Solaris will no doubt be equally scrutinised when it opens here in January, but the ambiguity of its ending raises broader questions. The biggest box office hits in Soviet and Russian cinema have always been tragedies, yet when they are shown in the US, they often have tagged-on happy endings. Nothing surprising in that, you might say. US cinema has conquered the world by being feelgood. Look at Steven Spielberg's Minority Report, a splendid work of digital-gothic, ruined in its closing moments when Tom Cruise touches his pregnant wife's stomach.

In fact, the history of US cinema's optimism is more complex than this suggests. The American film noirs which influenced Minority Report were visually and tonally dark. Gone with the Wind has a very unhappy ending. Titanic, the biggest US box office hit of all time, is a tragedy (of sorts).

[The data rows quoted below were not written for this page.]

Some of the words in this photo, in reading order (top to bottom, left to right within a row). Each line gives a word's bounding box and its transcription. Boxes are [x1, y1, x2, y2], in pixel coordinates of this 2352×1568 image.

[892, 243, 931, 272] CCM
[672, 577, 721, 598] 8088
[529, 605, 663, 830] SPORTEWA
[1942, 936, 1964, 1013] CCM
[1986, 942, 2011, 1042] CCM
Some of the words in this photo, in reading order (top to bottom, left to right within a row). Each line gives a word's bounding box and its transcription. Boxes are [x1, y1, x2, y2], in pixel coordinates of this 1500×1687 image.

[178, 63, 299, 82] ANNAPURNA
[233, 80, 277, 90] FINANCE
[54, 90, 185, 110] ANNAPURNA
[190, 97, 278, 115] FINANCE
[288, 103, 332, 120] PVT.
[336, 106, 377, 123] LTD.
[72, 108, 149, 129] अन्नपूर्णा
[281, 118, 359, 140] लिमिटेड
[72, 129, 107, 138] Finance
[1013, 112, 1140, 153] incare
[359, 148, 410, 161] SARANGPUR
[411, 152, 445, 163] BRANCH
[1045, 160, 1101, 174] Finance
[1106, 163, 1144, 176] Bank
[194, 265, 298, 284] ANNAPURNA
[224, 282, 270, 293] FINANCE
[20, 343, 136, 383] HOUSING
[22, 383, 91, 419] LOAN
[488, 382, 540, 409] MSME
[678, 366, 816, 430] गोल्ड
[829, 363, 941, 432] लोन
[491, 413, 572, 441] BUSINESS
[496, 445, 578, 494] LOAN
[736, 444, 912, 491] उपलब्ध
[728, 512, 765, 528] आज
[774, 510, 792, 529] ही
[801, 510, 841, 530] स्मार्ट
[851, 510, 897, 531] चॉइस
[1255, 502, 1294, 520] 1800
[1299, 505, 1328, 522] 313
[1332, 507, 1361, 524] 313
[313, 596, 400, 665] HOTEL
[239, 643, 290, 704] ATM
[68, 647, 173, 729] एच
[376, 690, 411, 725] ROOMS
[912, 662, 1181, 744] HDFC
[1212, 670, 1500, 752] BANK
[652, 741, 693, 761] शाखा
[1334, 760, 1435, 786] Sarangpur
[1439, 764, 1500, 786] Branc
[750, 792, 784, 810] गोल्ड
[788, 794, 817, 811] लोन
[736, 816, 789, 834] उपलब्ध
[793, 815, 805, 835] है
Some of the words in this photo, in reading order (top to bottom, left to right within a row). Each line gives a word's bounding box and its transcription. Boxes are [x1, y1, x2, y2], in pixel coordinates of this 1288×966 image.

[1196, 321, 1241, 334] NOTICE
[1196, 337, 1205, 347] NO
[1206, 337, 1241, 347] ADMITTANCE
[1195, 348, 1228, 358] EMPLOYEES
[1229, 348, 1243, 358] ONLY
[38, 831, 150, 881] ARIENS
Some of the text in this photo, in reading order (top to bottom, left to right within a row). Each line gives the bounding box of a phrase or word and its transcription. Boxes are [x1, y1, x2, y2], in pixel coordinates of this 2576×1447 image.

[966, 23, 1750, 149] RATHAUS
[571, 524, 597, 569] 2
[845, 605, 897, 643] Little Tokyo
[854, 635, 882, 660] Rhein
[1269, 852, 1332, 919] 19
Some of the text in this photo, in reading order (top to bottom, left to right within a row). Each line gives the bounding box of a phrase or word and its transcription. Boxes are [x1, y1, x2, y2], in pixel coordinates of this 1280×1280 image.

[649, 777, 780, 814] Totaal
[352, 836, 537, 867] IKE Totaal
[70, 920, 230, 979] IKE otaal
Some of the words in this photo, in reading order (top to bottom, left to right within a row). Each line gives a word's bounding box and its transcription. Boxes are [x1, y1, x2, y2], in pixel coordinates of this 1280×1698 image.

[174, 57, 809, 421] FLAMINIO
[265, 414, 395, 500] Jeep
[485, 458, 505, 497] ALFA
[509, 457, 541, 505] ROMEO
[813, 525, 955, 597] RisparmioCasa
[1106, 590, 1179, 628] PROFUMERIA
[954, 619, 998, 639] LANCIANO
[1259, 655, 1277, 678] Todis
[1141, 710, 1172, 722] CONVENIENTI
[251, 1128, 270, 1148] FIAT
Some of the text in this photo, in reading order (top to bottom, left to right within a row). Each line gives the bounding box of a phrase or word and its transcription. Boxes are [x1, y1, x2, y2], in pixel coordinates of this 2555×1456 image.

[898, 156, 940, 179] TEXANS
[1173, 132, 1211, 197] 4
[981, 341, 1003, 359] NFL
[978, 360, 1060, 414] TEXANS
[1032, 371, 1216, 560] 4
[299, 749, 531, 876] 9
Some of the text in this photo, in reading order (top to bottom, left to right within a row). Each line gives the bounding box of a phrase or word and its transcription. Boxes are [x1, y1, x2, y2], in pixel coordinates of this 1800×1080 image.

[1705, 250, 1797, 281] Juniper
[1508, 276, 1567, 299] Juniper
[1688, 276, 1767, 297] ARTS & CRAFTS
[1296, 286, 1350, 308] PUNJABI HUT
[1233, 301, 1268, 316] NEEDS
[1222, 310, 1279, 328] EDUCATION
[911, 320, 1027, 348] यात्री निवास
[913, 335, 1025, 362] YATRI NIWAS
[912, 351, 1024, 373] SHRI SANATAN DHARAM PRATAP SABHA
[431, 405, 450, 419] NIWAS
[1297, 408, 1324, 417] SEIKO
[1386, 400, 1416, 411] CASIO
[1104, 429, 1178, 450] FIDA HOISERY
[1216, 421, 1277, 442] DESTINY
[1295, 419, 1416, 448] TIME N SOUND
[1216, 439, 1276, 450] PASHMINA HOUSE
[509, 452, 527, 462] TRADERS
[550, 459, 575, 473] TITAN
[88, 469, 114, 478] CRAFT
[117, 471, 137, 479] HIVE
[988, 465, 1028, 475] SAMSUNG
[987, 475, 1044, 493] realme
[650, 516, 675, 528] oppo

Within a few years of Tarkovsky's original Solaris, Martin Scorsese made an equally bleak anti-musical-New York, New York-whose centrepiece was an exuberant dance routine called "Happy Endings"-a homage to Judy Garland production numbers of the 1940s and 1950s. In an astonishing sign of the film world's 1970s ambivalence about utopia, "Happy Endings" was cut from the film. The spirit of Judy Garland, it seemed, would not wash.

In the same year, 1977, Woody Allen's Annie Hall carried the ironic line, "In the movies you should try to have happy endings, because life so rarely does." Polanski was closer to the spirit of the times when he had Faye Dunaway, the innocent victim in Chinatown, shot through the eye at the end of the film.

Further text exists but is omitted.